Chaque année, des millions de fidèles se rendent à Touba pour célébrer le Grand Magal, un événement spirituel majeur pour les disciples de Cheikh Ahmadou Bamba, fondateur de la confrérie mouride. Pourtant, cette année encore, les voyageurs se heurtent à un obstacle de taille : l’explosion des prix des transports.
Des tarifs doublés en période de Grand Magal
À la gare des Baux Maraîchers de Pikine, l’ambiance est électrique. Les pèlerins, pressés de rejoindre Touba, s’entassent autour des véhicules disponibles. Les prix des billets ont littéralement explosé : en temps normal, un trajet coûte entre 3 000 et 5 000 francs CFA, mais aujourd’hui, il faut débourser entre 8 000 et 10 000 francs pour atteindre la ville sainte.
Les chauffeurs justifient cette hausse par l’afflux massif de voyageurs et les bouchons monstres sur la route de Touba. Fallou, un démarcheur de la gare, explique sans détour :
« Tous ces véhicules partent vers Touba. Vous avez le choix entre un petit bus non climatisé à 10 000 francs ou un bus climatisé (moins confortable) à 8 000 francs. Ce sont les tarifs d’aujourd’hui, à cause des embouteillages » souligne-t-il.
Les passagers n’ont d’autre choix que d’accepter ces conditions, sous peine de rater l’événement.
Un sentiment d’injustice partagé par les fidèles
Mamadou, un habitué du Grand Magal, se dit frustré par cette situation. Il rappelle que Touba n’est pas si éloigné de Dakar et que les prix devraient rester raisonnables en temps normal. « Ils profitent de chaque événement pour gonfler les tarifs. Les temps sont durs, ils ne doivent pas en abuser » s’indigne-t-il.
Pour lui, il est impératif de se rendre à Touba, car sa famille l’attend, tout comme il doit accueillir ses hôtes. Malgré la flambée des prix, il n’a pas le choix : le Grand Magal est un devoir spirituel.
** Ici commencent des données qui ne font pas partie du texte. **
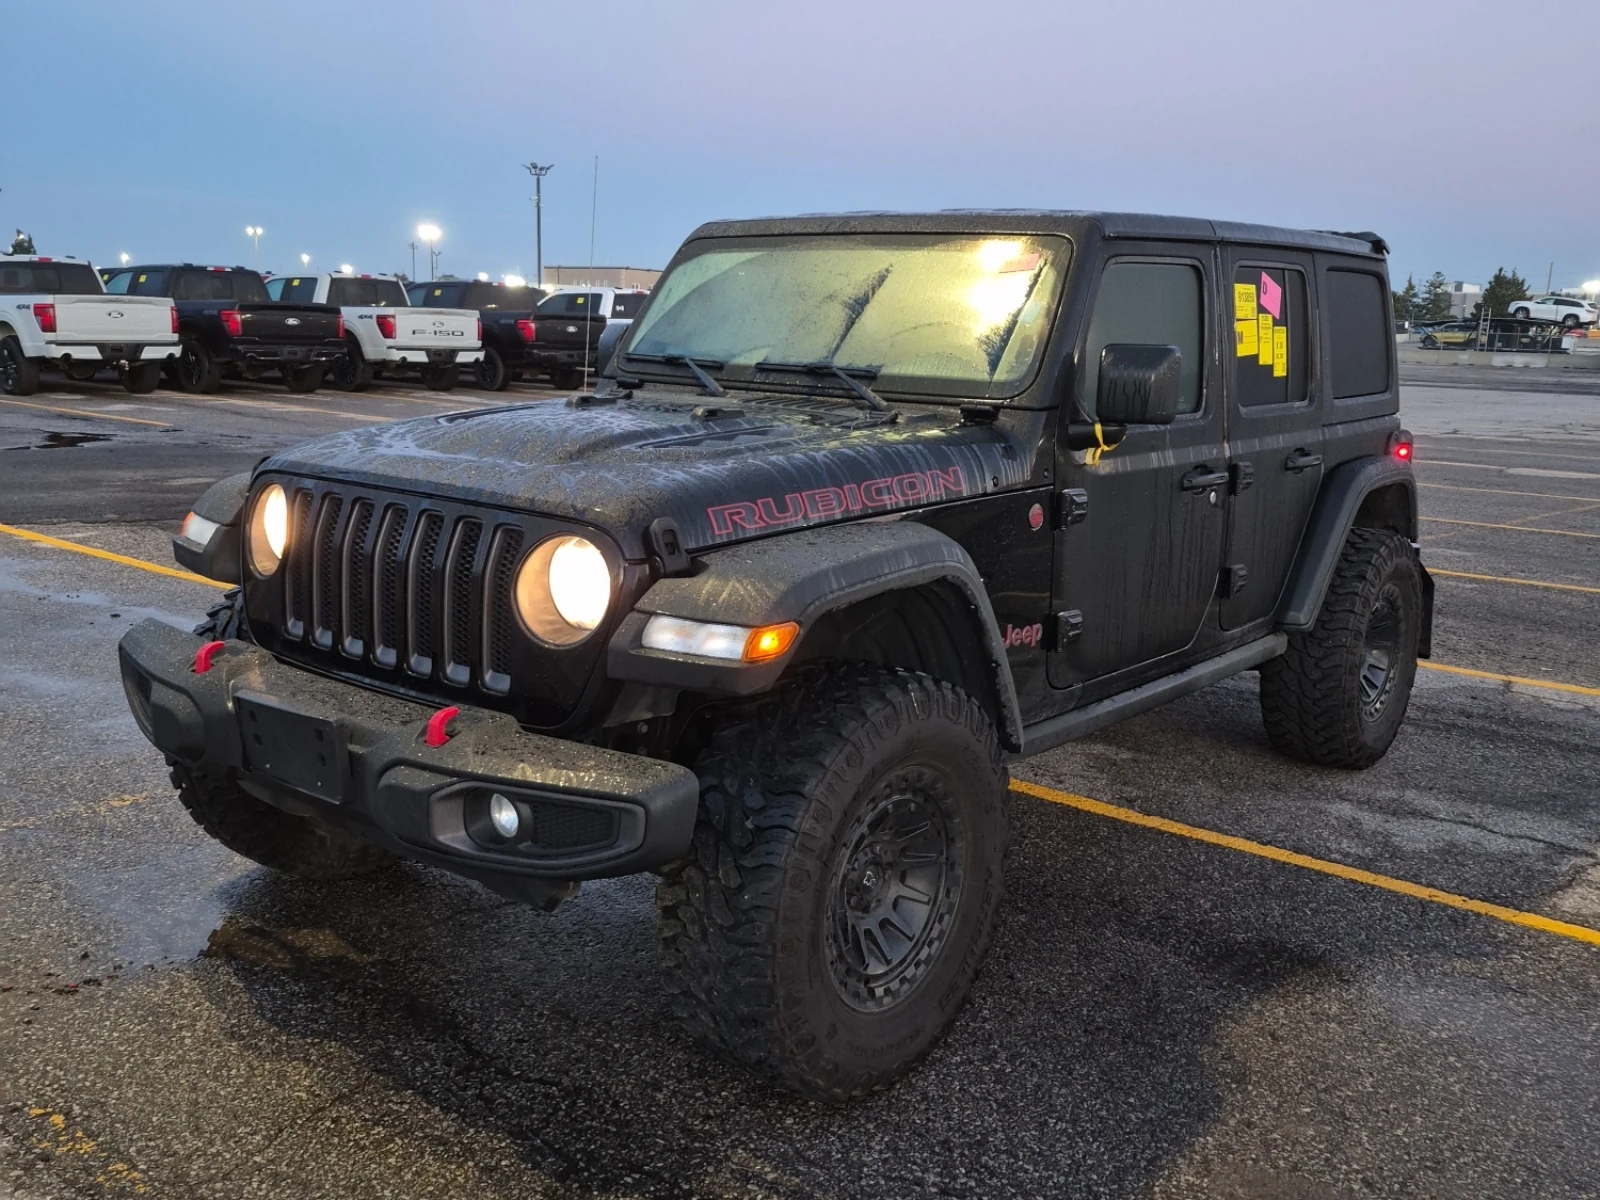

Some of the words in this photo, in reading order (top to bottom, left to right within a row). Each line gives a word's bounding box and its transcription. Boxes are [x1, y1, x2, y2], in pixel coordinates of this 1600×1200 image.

[412, 329, 464, 337] F-150
[706, 466, 965, 536] RUBICON
[1002, 622, 1043, 649] Jeep
Des transporteurs en quête de compensation
Bour Guewel, un vétéran de la ligne Dakar-Touba, partage son expérience. Avec près de 30 ans de métier, il connaît les aléas du transport en période de pèlerinage. « En partant, vous avez des passagers, mais au retour, il est difficile d’en trouver, alors que vous faites le plein de gasoil deux fois » explique-t-il.
Selon lui, les bouchons à l’entrée de Touba obligent les chauffeurs à revoir leurs tarifs à la hausse pour compenser leurs pertes. Une réalité qui illustre la précarité du secteur des transports au Sénégal.
Dakar Dem Dikk, l’opérateur public, propose des trajets à 4 000 francs, mais l’offre reste insuffisante face à la demande. De plus, les bus ne permettent pas de transporter autant de bagages que les véhicules privés, ce qui complique encore le voyage des pèlerins.
Le Grand Magal est un événement incontournable pour les mourides, mais cette année, le coût du transport pèse lourdement sur les fidèles.